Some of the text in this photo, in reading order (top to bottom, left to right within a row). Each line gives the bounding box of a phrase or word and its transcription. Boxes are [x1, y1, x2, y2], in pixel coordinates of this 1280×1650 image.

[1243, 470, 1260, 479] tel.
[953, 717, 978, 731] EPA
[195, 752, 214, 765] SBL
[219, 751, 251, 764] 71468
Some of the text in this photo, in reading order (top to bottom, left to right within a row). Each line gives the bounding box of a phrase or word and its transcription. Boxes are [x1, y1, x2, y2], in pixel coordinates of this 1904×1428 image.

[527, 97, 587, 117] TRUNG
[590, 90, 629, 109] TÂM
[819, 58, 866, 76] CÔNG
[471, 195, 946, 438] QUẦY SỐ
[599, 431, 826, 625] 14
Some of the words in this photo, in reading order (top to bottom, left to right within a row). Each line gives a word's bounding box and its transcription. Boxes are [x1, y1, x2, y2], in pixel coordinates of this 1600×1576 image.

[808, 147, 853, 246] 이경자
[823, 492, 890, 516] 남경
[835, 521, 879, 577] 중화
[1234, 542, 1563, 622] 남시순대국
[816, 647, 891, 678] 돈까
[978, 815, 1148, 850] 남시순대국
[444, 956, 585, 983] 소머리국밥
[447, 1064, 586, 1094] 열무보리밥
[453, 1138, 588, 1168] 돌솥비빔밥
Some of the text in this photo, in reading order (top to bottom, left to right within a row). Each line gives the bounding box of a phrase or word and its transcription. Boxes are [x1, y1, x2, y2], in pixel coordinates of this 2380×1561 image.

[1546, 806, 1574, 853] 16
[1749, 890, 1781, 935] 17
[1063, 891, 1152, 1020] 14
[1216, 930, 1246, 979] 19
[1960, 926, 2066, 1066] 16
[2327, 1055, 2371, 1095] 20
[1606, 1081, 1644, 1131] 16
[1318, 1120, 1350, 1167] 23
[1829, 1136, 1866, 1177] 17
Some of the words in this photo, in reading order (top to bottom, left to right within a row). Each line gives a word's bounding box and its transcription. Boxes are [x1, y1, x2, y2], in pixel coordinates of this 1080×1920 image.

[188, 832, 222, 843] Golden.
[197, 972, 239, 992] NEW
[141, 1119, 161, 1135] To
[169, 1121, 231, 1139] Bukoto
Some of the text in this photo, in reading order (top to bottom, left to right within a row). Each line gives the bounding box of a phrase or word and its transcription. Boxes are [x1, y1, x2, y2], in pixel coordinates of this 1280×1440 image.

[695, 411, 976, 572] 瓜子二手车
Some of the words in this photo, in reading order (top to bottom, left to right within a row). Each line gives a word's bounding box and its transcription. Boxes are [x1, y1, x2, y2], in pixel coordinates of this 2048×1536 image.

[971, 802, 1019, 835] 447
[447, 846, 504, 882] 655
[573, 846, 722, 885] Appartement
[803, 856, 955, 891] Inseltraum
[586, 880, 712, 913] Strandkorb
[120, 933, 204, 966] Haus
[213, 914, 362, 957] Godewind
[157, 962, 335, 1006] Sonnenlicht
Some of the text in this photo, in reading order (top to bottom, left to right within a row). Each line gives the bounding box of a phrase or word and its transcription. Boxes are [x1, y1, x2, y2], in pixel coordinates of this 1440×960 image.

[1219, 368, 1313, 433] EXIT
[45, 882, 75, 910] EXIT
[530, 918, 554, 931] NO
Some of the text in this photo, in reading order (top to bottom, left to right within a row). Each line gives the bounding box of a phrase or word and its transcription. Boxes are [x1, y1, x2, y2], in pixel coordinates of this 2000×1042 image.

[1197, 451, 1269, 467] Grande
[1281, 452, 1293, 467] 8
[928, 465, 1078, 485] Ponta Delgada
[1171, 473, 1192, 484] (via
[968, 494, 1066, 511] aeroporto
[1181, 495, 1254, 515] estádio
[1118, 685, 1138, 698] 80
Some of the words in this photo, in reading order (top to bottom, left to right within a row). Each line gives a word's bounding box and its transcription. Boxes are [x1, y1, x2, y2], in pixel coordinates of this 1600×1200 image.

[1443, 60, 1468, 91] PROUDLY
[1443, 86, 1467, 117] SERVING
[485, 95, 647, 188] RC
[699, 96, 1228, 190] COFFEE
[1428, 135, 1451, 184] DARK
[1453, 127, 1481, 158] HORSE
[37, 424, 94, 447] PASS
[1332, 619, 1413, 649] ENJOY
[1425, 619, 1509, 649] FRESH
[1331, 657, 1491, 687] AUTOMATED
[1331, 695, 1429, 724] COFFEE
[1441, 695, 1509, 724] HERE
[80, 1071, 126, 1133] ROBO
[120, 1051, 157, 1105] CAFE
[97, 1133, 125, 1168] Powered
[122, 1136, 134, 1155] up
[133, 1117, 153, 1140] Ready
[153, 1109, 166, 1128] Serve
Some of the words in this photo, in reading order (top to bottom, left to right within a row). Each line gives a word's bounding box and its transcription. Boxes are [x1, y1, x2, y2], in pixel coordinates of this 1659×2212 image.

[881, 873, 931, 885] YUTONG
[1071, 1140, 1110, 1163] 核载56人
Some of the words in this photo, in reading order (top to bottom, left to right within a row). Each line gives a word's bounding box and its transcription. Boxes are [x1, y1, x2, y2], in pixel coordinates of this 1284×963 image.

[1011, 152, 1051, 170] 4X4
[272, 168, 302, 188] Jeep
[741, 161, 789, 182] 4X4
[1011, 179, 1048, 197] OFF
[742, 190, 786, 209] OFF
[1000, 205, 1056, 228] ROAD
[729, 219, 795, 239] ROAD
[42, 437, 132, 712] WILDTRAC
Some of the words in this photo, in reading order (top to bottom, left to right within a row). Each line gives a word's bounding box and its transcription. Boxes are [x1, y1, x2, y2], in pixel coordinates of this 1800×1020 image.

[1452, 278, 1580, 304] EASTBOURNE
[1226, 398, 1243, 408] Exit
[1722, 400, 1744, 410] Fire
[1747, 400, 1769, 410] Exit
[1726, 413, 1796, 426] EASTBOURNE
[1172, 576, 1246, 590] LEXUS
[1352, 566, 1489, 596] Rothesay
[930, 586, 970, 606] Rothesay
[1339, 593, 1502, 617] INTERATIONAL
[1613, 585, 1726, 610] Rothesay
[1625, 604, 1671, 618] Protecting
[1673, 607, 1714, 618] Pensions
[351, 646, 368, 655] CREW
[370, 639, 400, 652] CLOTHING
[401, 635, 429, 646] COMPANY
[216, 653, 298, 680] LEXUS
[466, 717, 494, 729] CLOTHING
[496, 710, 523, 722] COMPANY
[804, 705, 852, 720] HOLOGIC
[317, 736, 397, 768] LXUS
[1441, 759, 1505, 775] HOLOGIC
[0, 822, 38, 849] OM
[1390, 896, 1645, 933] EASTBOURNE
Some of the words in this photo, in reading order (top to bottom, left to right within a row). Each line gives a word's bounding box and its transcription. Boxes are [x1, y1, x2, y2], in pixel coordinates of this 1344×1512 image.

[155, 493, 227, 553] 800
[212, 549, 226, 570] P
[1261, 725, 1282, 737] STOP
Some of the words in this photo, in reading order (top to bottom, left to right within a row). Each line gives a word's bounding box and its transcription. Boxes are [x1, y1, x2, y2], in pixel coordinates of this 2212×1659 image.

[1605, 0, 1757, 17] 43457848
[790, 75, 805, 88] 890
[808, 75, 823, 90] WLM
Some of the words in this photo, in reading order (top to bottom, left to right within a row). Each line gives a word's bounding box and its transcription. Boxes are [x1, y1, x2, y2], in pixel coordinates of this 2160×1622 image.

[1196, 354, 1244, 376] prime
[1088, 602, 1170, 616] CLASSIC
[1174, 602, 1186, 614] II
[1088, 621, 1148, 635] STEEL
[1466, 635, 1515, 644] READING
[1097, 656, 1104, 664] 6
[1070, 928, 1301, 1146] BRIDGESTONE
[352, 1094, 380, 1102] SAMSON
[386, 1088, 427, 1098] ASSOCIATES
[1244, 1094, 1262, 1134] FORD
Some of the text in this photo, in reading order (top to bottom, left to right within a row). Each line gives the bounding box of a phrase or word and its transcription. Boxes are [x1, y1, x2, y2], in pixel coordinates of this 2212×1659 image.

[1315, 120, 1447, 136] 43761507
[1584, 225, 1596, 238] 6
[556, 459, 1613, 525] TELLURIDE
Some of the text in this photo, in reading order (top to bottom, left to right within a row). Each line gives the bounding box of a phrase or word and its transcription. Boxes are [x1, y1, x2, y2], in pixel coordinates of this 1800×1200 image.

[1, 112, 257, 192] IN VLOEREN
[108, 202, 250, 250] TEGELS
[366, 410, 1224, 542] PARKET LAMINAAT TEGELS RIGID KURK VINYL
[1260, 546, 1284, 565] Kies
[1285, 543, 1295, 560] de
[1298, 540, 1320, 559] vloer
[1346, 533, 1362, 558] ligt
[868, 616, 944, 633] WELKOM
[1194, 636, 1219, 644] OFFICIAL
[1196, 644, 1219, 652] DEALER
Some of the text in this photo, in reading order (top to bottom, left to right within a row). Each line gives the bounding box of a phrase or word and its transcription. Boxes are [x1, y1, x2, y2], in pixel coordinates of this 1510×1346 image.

*Activity*:
From the line containing "this 2160×1622 image." to the last line of the data above, copy each line exactly and add nothing.

*Response*:
Some of the words in this photo, in reading order (top to bottom, left to right within a row). Each line gives a word's bounding box and its transcription. Boxes are [x1, y1, x2, y2], in pixel coordinates of this 2160×1622 image.

[1196, 354, 1244, 376] prime
[1088, 602, 1170, 616] CLASSIC
[1174, 602, 1186, 614] II
[1088, 621, 1148, 635] STEEL
[1466, 635, 1515, 644] READING
[1097, 656, 1104, 664] 6
[1070, 928, 1301, 1146] BRIDGESTONE
[352, 1094, 380, 1102] SAMSON
[386, 1088, 427, 1098] ASSOCIATES
[1244, 1094, 1262, 1134] FORD
Some of the text in this photo, in reading order (top to bottom, left to right within a row). Each line gives the bounding box of a phrase or word and its transcription. Boxes are [x1, y1, x2, y2], in pixel coordinates of this 2212×1659 image.

[1315, 120, 1447, 136] 43761507
[1584, 225, 1596, 238] 6
[556, 459, 1613, 525] TELLURIDE
Some of the text in this photo, in reading order (top to bottom, left to right within a row). Each line gives the bounding box of a phrase or word and its transcription. Boxes are [x1, y1, x2, y2], in pixel coordinates of this 1800×1200 image.

[1, 112, 257, 192] IN VLOEREN
[108, 202, 250, 250] TEGELS
[366, 410, 1224, 542] PARKET LAMINAAT TEGELS RIGID KURK VINYL
[1260, 546, 1284, 565] Kies
[1285, 543, 1295, 560] de
[1298, 540, 1320, 559] vloer
[1346, 533, 1362, 558] ligt
[868, 616, 944, 633] WELKOM
[1194, 636, 1219, 644] OFFICIAL
[1196, 644, 1219, 652] DEALER
Some of the text in this photo, in reading order (top to bottom, left to right within a row). Each line gives the bounding box of a phrase or word and its transcription. Boxes are [x1, y1, x2, y2], in pixel coordinates of this 1510×1346 image.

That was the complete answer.